Robots rely on GPS and prior knowledge of the world to move around without bumping into things. Humans don’t communicate with positioning satellites, yet they’ve wandered confidently, if obliviously, for millennia. A new navigation technology mimics that ability to set a course with only visual input.
What’s new: Carnegie Mellon and Facebook AI teams joined to create Active Neural Mapping, a hybrid of classical search methods, which find an intended destination from a starting location, and neural networks. ANM predicts actions for navigating indoor spaces. And it makes cool videos!
Key insight: The classical search algorithm A* theoretically solved the path-finding problem, but it doesn’t generalize efficiently and requires highly structured data. Learning-based methods have proven useful as approximate planners when navigation requires completing subtasks like image recognition, but end-to-end learning has failed at long-term motion planning. These two approaches complement one another, though, and together they can achieve greater success than either one alone.
How it works: ANM has four essential modules. The mapper generates the environment map. The global policy predicts the final position desired. The planner finds a route. And the local policy describes how to act to obey the planner.
- The mapper is a CNN. Given an RGB image of the current view and the viewing direction and angle, it learns a 2D bird’s eye view of the world, showing obstacles and viewable areas. It also estimates its own position on the map.

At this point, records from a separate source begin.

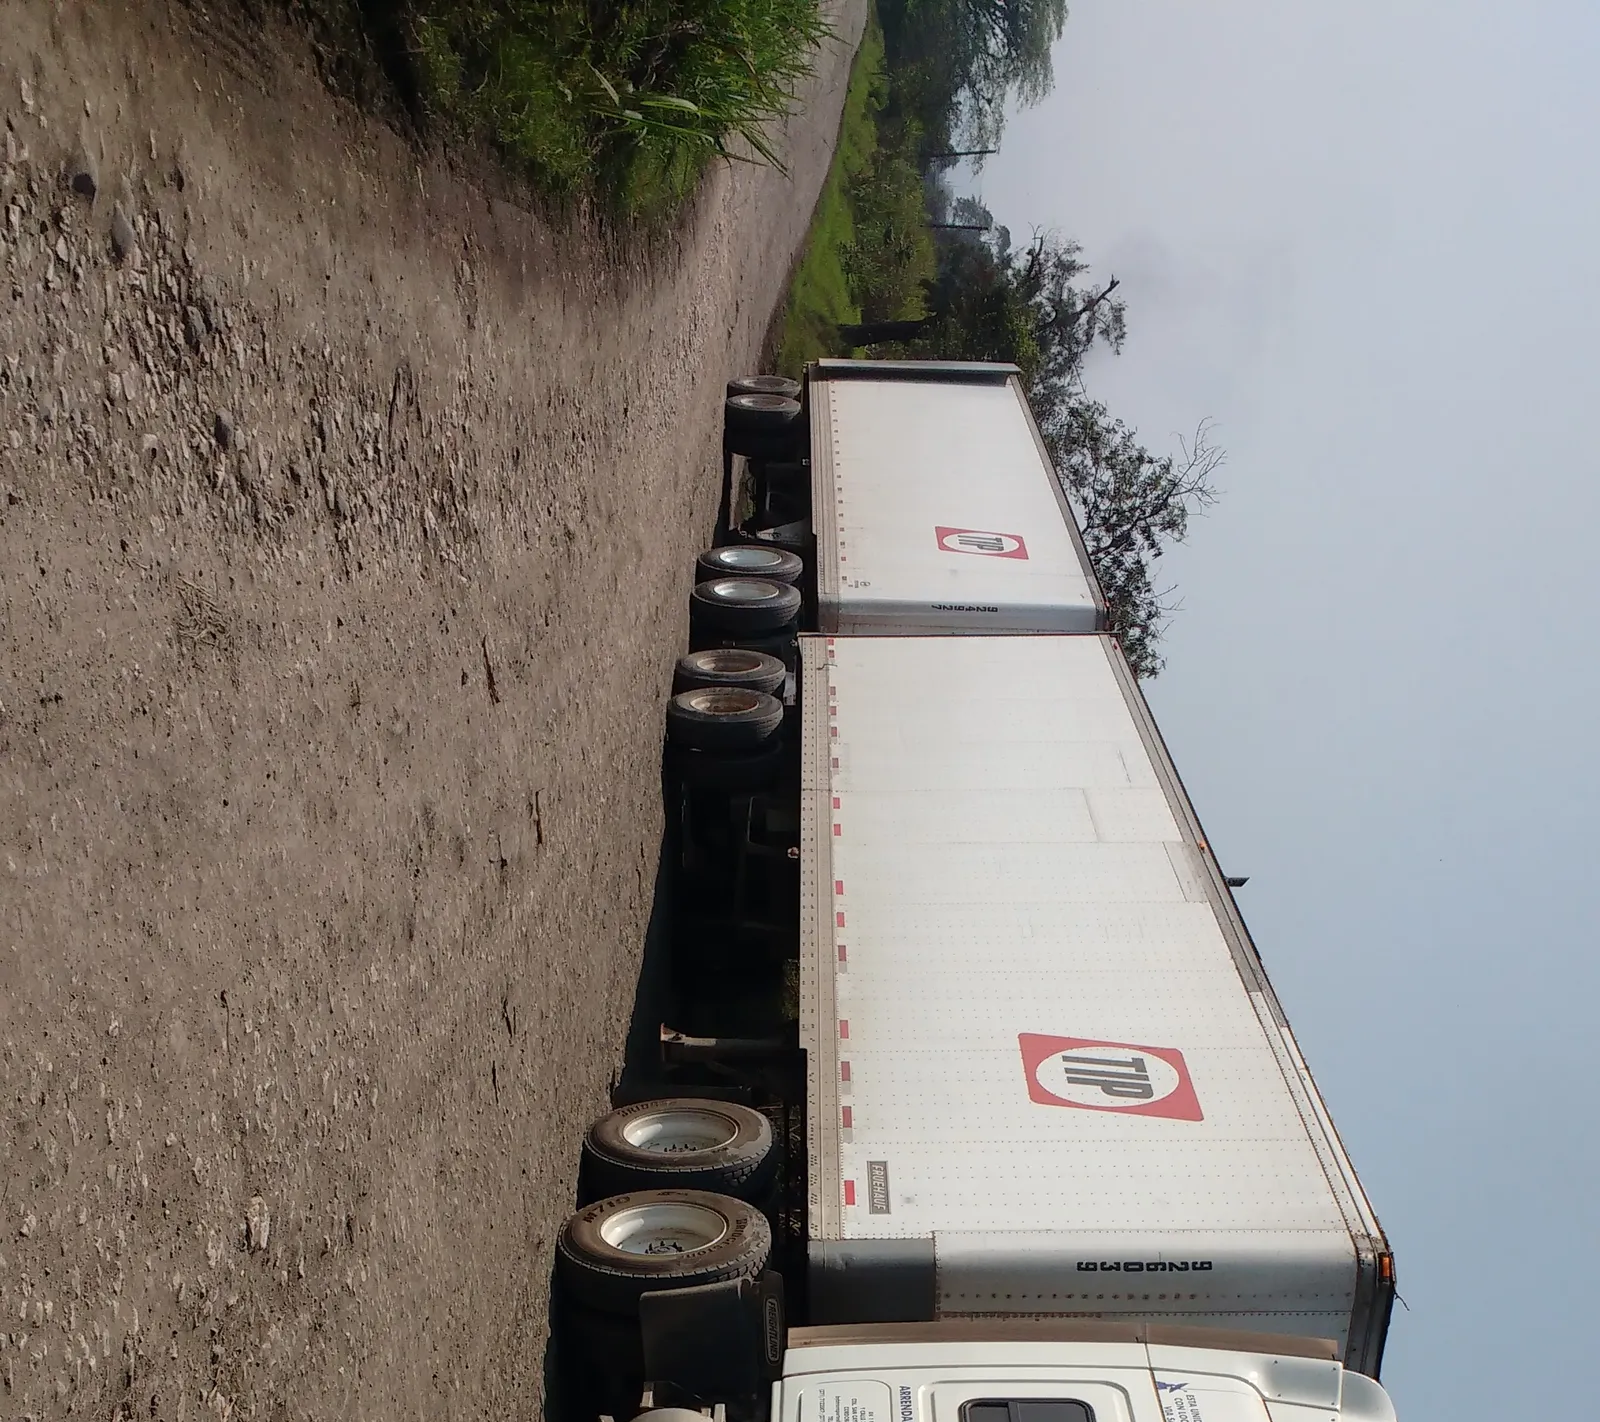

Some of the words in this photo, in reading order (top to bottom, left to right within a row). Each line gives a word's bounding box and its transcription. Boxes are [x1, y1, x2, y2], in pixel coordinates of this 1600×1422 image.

[958, 536, 1004, 551] TIP
[931, 605, 998, 613] 924927
[1062, 1055, 1154, 1099] TIP
[872, 1164, 886, 1210] FRUEHAUF
[1077, 1261, 1213, 1273] 926039
[768, 1301, 778, 1359] FREIGHTLINER
[1174, 1398, 1186, 1410] CON
[1186, 1394, 1197, 1407] ESTA
[1164, 1406, 1172, 1416] VIA
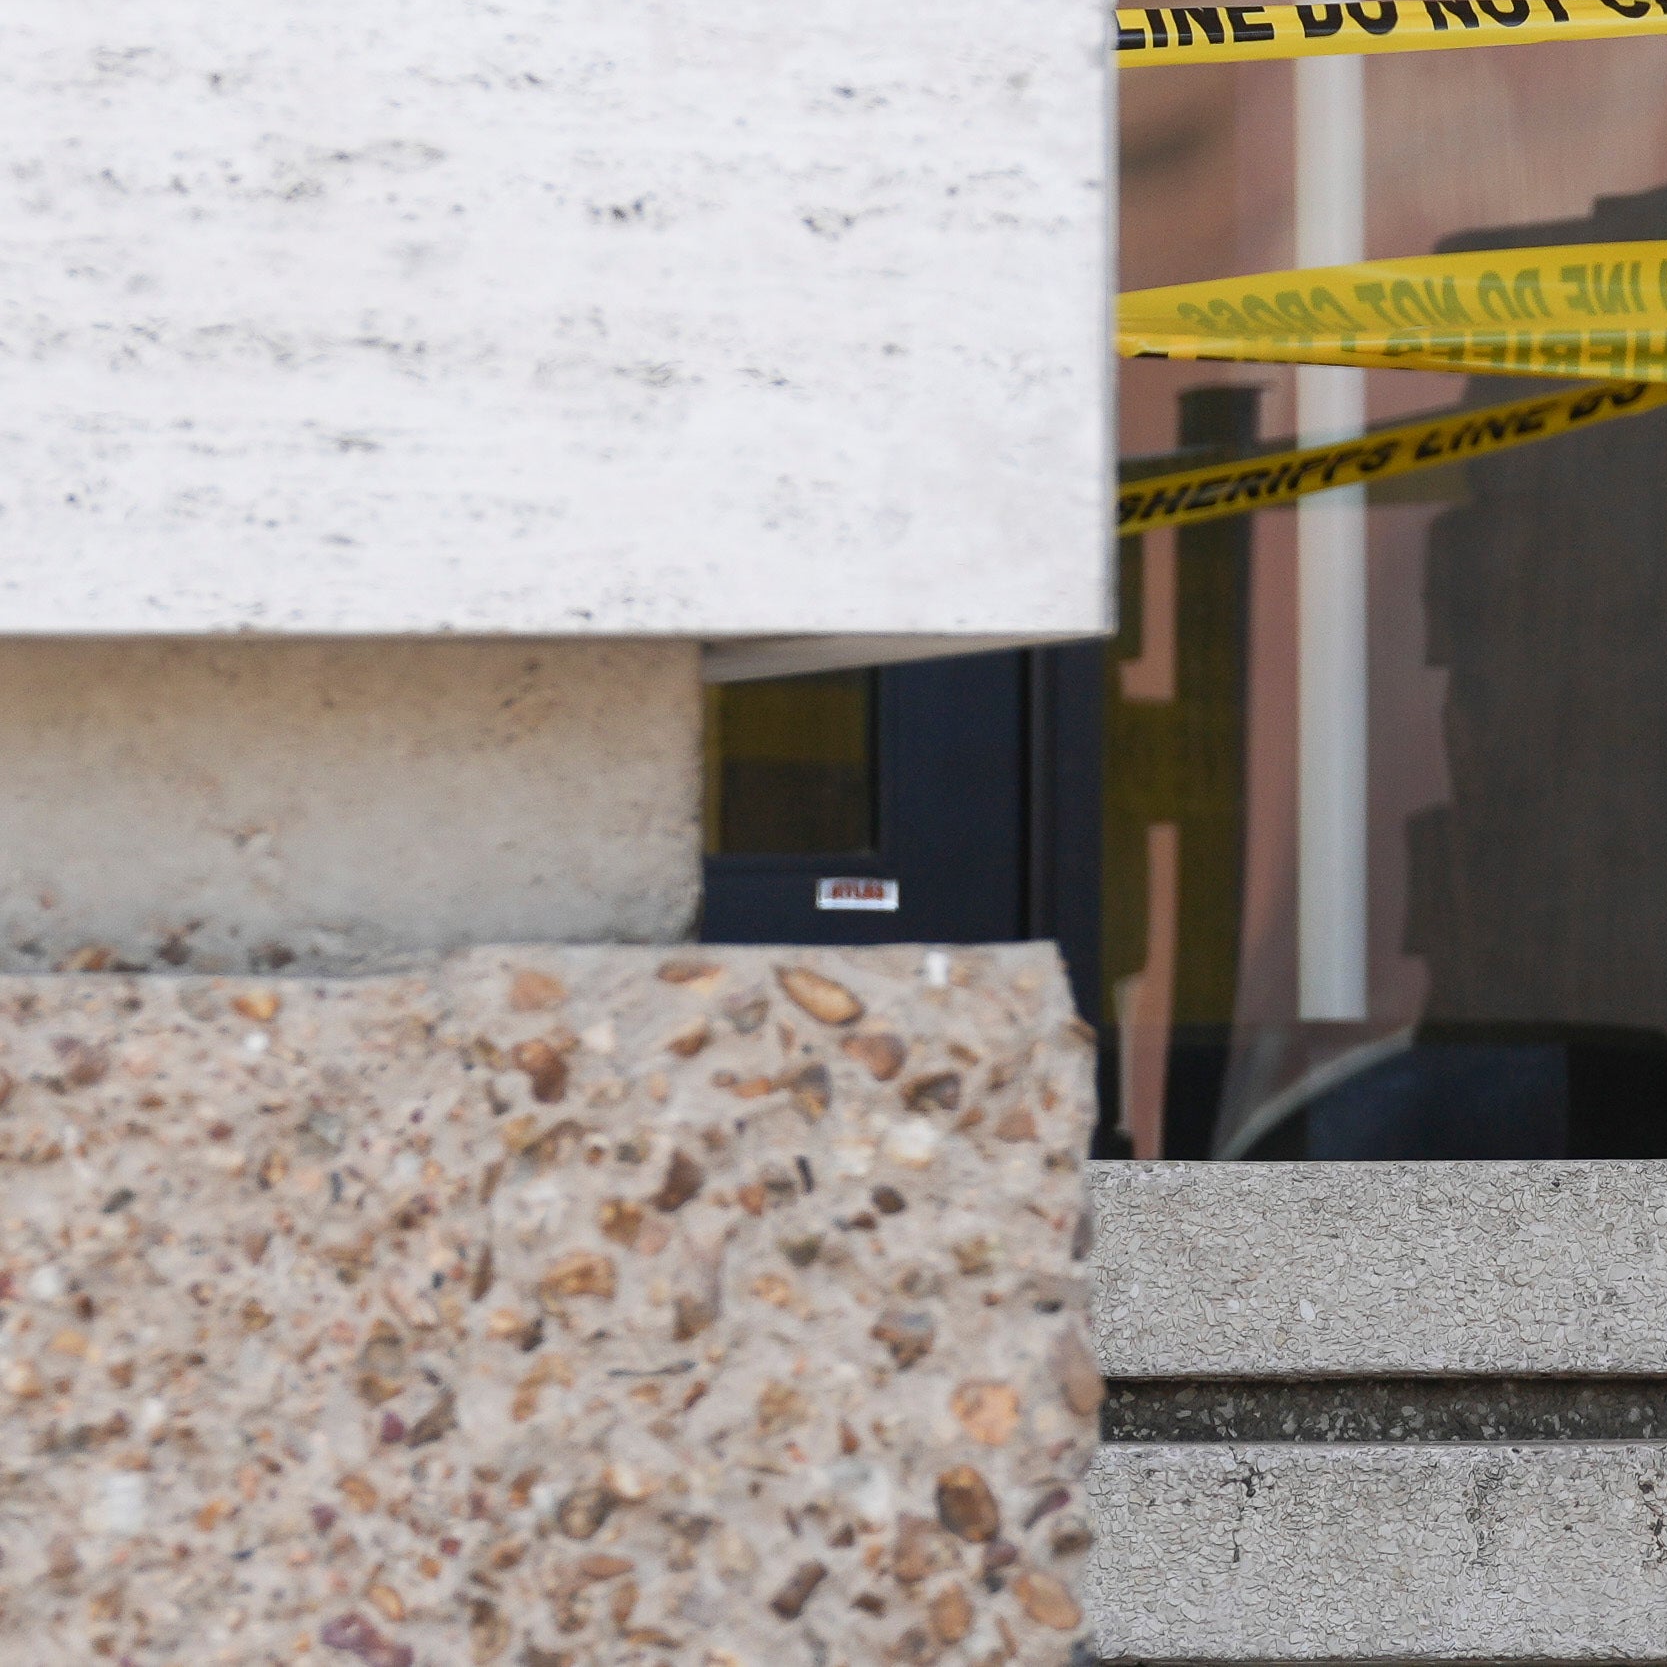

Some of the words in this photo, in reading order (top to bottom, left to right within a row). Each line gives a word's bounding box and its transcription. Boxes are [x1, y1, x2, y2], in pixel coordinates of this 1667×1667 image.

[1296, 0, 1399, 38] DO
[1118, 438, 1400, 525] SHERIFFS
[1415, 399, 1560, 460] LINE
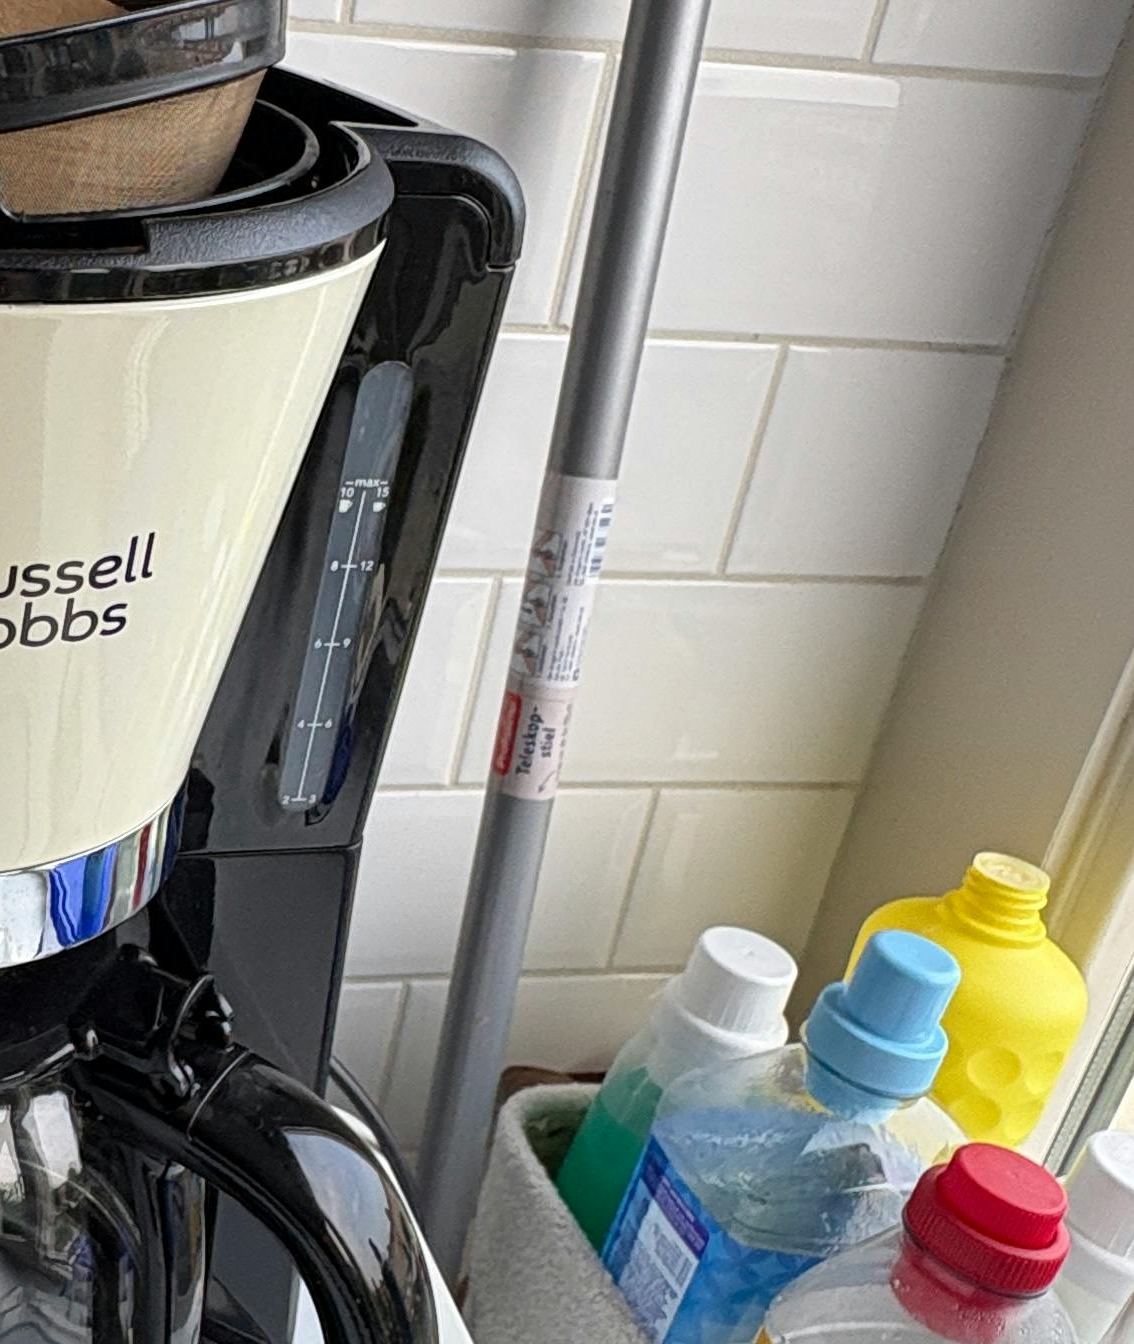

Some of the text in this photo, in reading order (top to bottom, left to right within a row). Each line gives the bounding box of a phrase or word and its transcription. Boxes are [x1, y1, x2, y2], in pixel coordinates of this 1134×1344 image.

- The global policy, also a CNN, predicts the final destination on the map based on the mapper’s world view, estimated current position, previously explored areas, and a task. The task isn't a specific destination. It may be something like, Move x meters forward and y meters to the right, or Explore the maximum area in a fixed amount of time.
- The planner uses classical search to find successive locations within 0.25 meters of each other on the way to the global policy’s predicted goal. The researchers use Fast Marching Method, but any classical search algorithm would do.
- The local policy, another CNN, predicts the next action given the current RGB view, the estimated map, and the immediate subgoal.
Why it matters: ANM achieves unprecedented, near-optimal start-to-destination navigation. Navigation through purely visual input can be helpful where GPS is inaccurate or inaccessible, such as indoors. It could also help sightless people steer through unfamiliar buildings with relative ease.
We’re thinking: Neuroscience shows that rats, and presumably humans, hold grid-like visualizations of their environment as they move through it, as brain activity signals expectation of the next location: a subgoal. ANM mirrors that biological path-planning process, though it wasn’t the researchers’ agenda.